Exercise >> All entries are to be quoted exactly; the images stay out of the copy.

Data for analysis Block Start

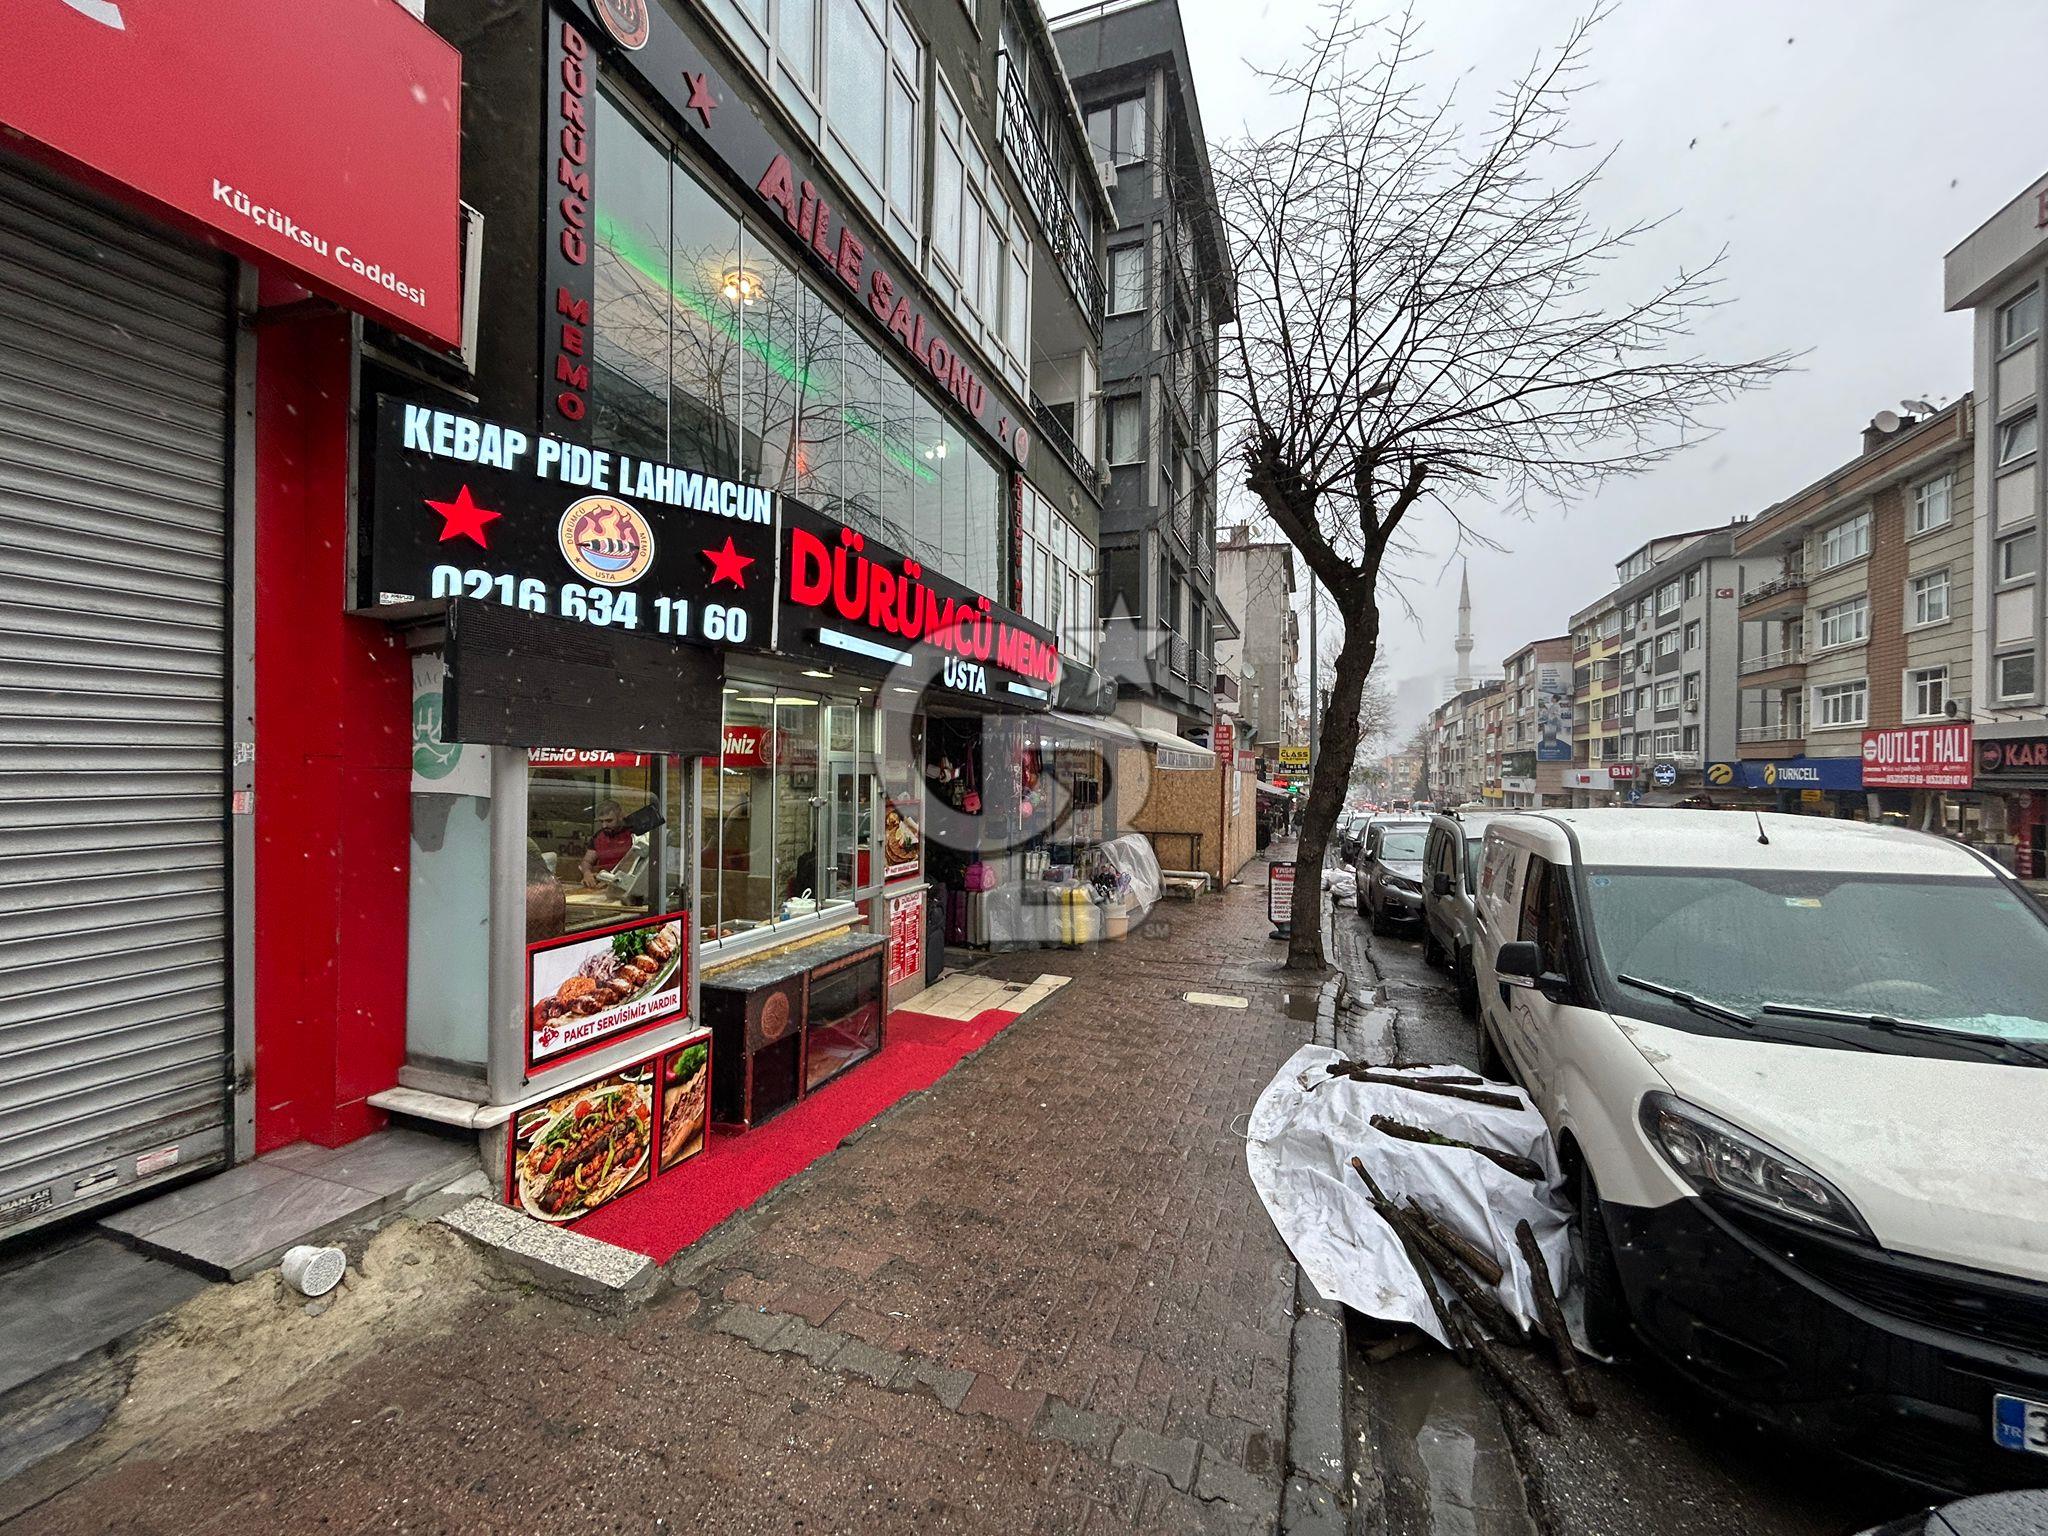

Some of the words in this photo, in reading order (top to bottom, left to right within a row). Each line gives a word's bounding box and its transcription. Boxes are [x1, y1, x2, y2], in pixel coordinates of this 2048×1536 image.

[557, 22, 590, 266] DÜRÜMCÜ
[212, 178, 328, 257] Küçüksu
[335, 246, 426, 307] Caddesi
[756, 153, 865, 294] AİLE
[867, 269, 987, 420] SALONU
[556, 286, 591, 421] MEMO
[403, 404, 528, 471] KEBAP
[536, 433, 609, 491] PİDE
[619, 456, 771, 526] LAHMACUN
[564, 507, 587, 546] DÜRÜMCÜ
[639, 532, 648, 558] MEMO
[595, 571, 616, 581] USTA
[431, 565, 547, 614] 0216
[560, 583, 638, 630] 634
[654, 596, 689, 636] 11
[703, 604, 748, 643] 60
[790, 527, 992, 661] DÜRÜMCÜ
[997, 621, 1059, 684] MEMO
[943, 656, 987, 695] USTA
[528, 747, 576, 763] MEMO
[579, 749, 616, 763] USTA
[1878, 730, 1929, 763] OUTLET
[1933, 728, 1969, 763] HALI
[1612, 766, 1635, 776] BİM
[1777, 767, 1820, 781] TURKCELL
[563, 1022, 595, 1043] PAKET
[597, 1002, 646, 1032] SERVİSİMİZ
[647, 994, 678, 1013] VARDIR
[2001, 1423, 2022, 1438] TR

Data for analysis Block End

Written answer >>
Some of the words in this photo, in reading order (top to bottom, left to right within a row). Each line gives a word's bounding box and its transcription. Boxes are [x1, y1, x2, y2], in pixel coordinates of this 2048×1536 image.

[557, 22, 590, 266] DÜRÜMCÜ
[212, 178, 328, 257] Küçüksu
[335, 246, 426, 307] Caddesi
[756, 153, 865, 294] AİLE
[867, 269, 987, 420] SALONU
[556, 286, 591, 421] MEMO
[403, 404, 528, 471] KEBAP
[536, 433, 609, 491] PİDE
[619, 456, 771, 526] LAHMACUN
[564, 507, 587, 546] DÜRÜMCÜ
[639, 532, 648, 558] MEMO
[595, 571, 616, 581] USTA
[431, 565, 547, 614] 0216
[560, 583, 638, 630] 634
[654, 596, 689, 636] 11
[703, 604, 748, 643] 60
[790, 527, 992, 661] DÜRÜMCÜ
[997, 621, 1059, 684] MEMO
[943, 656, 987, 695] USTA
[528, 747, 576, 763] MEMO
[579, 749, 616, 763] USTA
[1878, 730, 1929, 763] OUTLET
[1933, 728, 1969, 763] HALI
[1612, 766, 1635, 776] BİM
[1777, 767, 1820, 781] TURKCELL
[563, 1022, 595, 1043] PAKET
[597, 1002, 646, 1032] SERVİSİMİZ
[647, 994, 678, 1013] VARDIR
[2001, 1423, 2022, 1438] TR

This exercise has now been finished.